Верно доктор говорил, что в этакую глушь собаки бродячие не ходят. Собака зверь умный, просто так не полезет бока драть. А может, соврал доктор. Как все они... Смеха ради. У, паскуда.
Генрих откупорил фляжку, протер водкой ссадины, зашипел, и крепко глотнул пару раз.
Не пьянило зелье - наоборот - очнулся и от досады себя кулаком по колену стукнул. Ну уж, дудки!
С полдороги не сворачивают.
Фабрициус вынул из-за пазухи бумажонку - еще на службе, в архиве перерисовал основные точки плана Оленьего рва, только давно план составляли, одни тропы заросли, другие перепутались, а третьи и вовсе вспять ведут.
Проплешину стерегли чахлые клены - искривленные сумраком и непогодой - на обдувшейся грибами больной коре - пристала щетинка от оленьих почесов, глина истоптана была раздвоенными следами. Верно... Если взять правее - будет звериная тропа, по которой егеря ездят, подкармливать оленей в зимнюю стужу, а по звериной тропе рукой подать до заброшенных домишек у подола Золотой улички. И зачем только дал кругаля по буреломам, на обратном пути надо бы точнее сверяться.
Генрих шел долго - тропа вилась то вверх, то вниз, будто ленту разматывал и запутывал ребенок-баловень.

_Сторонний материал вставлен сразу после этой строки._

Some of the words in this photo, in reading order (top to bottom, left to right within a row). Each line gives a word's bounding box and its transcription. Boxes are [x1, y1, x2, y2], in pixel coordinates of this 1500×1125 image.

Вот и постройки стали попадаться - античные полуколонны, обломки статуй, глядящие из валежника слепыми глазами, каменные полукруглые скамьи на львиных лапах, вздыбленные корнями мраморные плиты с латинскими надписями и знаками зодиака. Леопардовые пятна солнца свет-тень-свет.
Луч отвесно и властно падал на плиту с любовной эмблемой. Мальчик Эрот держал в одной руке крылатое сердце, а в другой - потушенный факел.

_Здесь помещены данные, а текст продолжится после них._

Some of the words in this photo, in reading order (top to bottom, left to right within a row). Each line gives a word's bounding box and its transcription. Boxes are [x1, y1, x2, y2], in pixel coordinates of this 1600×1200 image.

Крошечные красные паучки опутали барельеф сетью подвижного кровеносного узора. Генрих залюбовался веселой пляской паучков, топнул ногой - алые точки брызнули в расселины камня. Нет, это не трещина, это милостивая улыбка на беспечном гладком личике с ямочками. Равнодушный божок-младенец.
Губы его полны пляшущих паучков.
Точно, на плане указана Ротонда Амура. Конечно, хрупкая постройка не уцелела - только дуги арки, да россыпь плит с фривольными эмблемами.
Дорога повернула в последний раз. Генрих споткнулся, заглядевшись.
Перед ним открылась освещенная солнцем терраса с белой эспланадой, над малым водопадом, где брызги смешивались с радужками, и водная пелена рвалась вниз, в лесную темноту обрывистого ложа реки.
Двухэтажный дом - розовая шкатулка для девичьего рукоделия, нежился на солнце, отцветшие шток-розы оплетали балясины бельведера, странные губчатые когтистые цветы карабкались по выщерблинам гризайлей и мозаик на фасаде, внутренний дворик был засыпан выбитыми стеклами, досками, черепицей. На карнизе проросли деревца, будто капризные девочки выбежали на крышу в ожидании гостей, да так и замерли на краю.
Узорные ворота были приоткрыты, створка повисла на одной петле, процарапала в дорожке глубокие борозды.
Генрих, едва переставляя ноги, вошел в укромный дворик и огляделся - над провалившейся крышей наклонилось глубокое нежаркое солнце.